BEGIN RECORDS

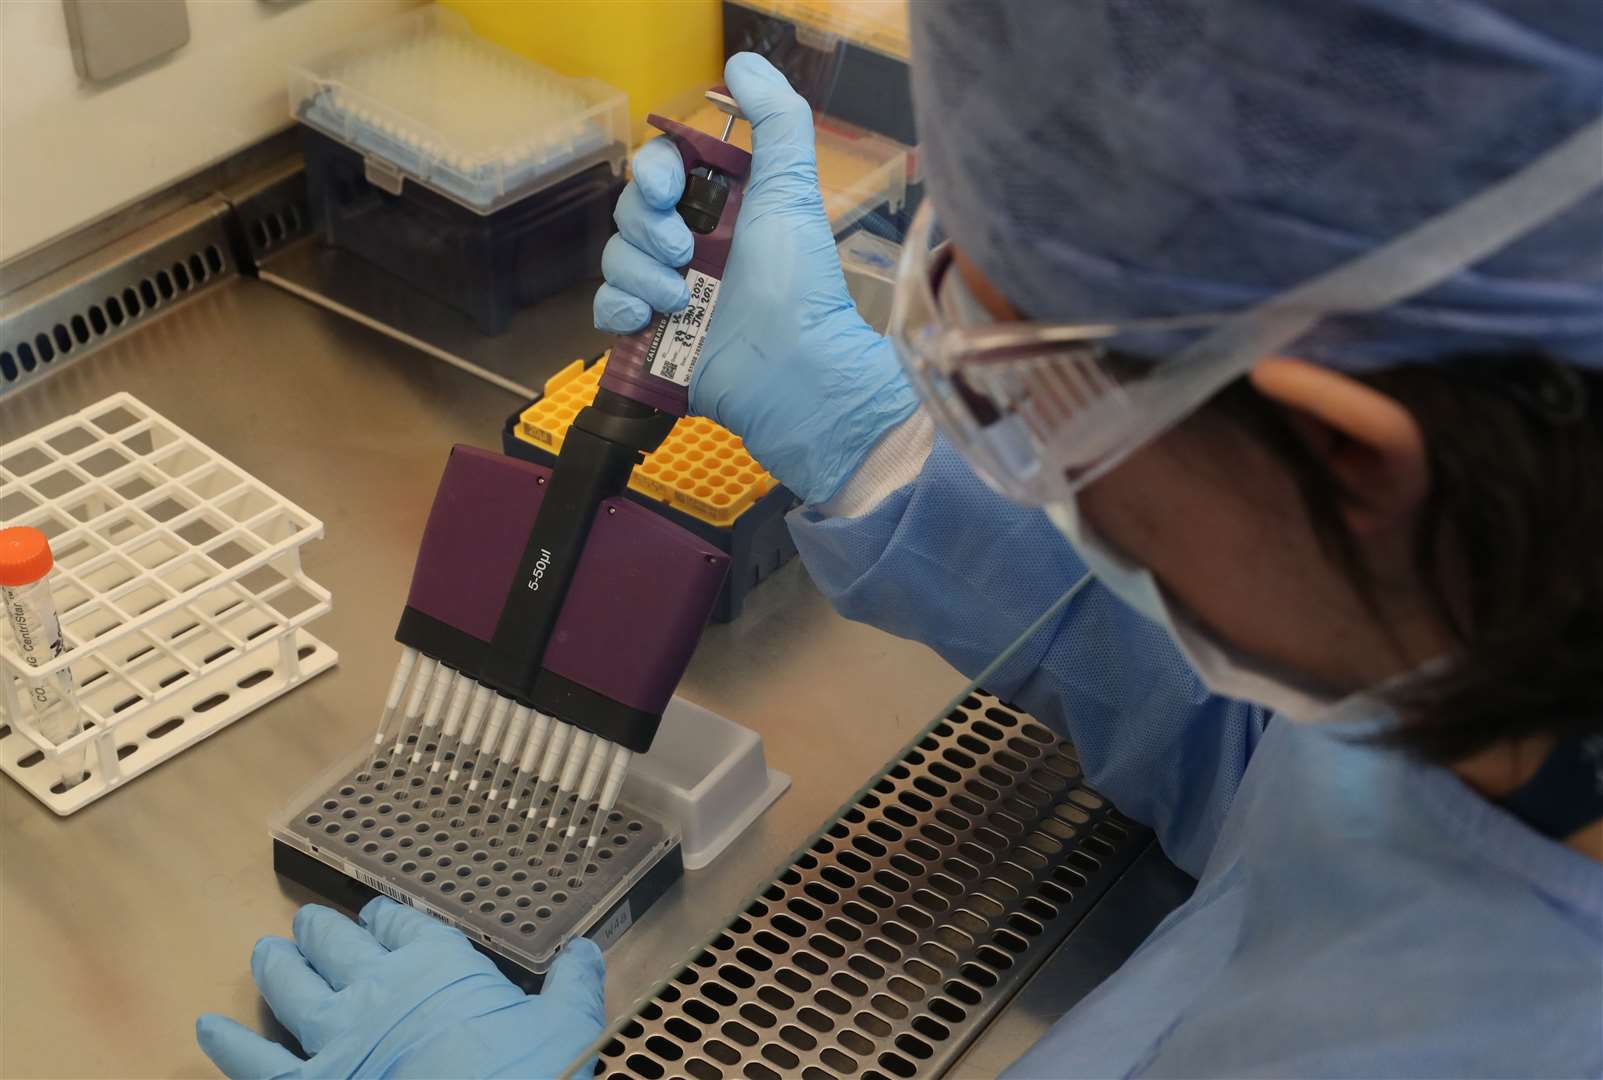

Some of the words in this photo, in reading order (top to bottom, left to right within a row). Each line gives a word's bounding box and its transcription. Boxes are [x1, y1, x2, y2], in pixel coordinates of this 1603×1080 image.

[675, 330, 687, 342] 29
[683, 304, 696, 325] JAN
[691, 277, 705, 299] 2020
[682, 334, 695, 347] 29
[691, 306, 705, 327] JAN
[701, 283, 714, 303] 2021
[647, 318, 667, 362] CALIBRATED
[528, 548, 551, 591] 5-50µl

END RECORDS

EXERCISE DETAILS »
Without altering a word, return all of the records above and leave out their pictures.

OUTPUT BELOW »
Some of the words in this photo, in reading order (top to bottom, left to right within a row). Each line gives a word's bounding box and its transcription. Boxes are [x1, y1, x2, y2], in pixel coordinates of this 1603×1080 image.

[675, 330, 687, 342] 29
[683, 304, 696, 325] JAN
[691, 277, 705, 299] 2020
[682, 334, 695, 347] 29
[691, 306, 705, 327] JAN
[701, 283, 714, 303] 2021
[647, 318, 667, 362] CALIBRATED
[528, 548, 551, 591] 5-50µl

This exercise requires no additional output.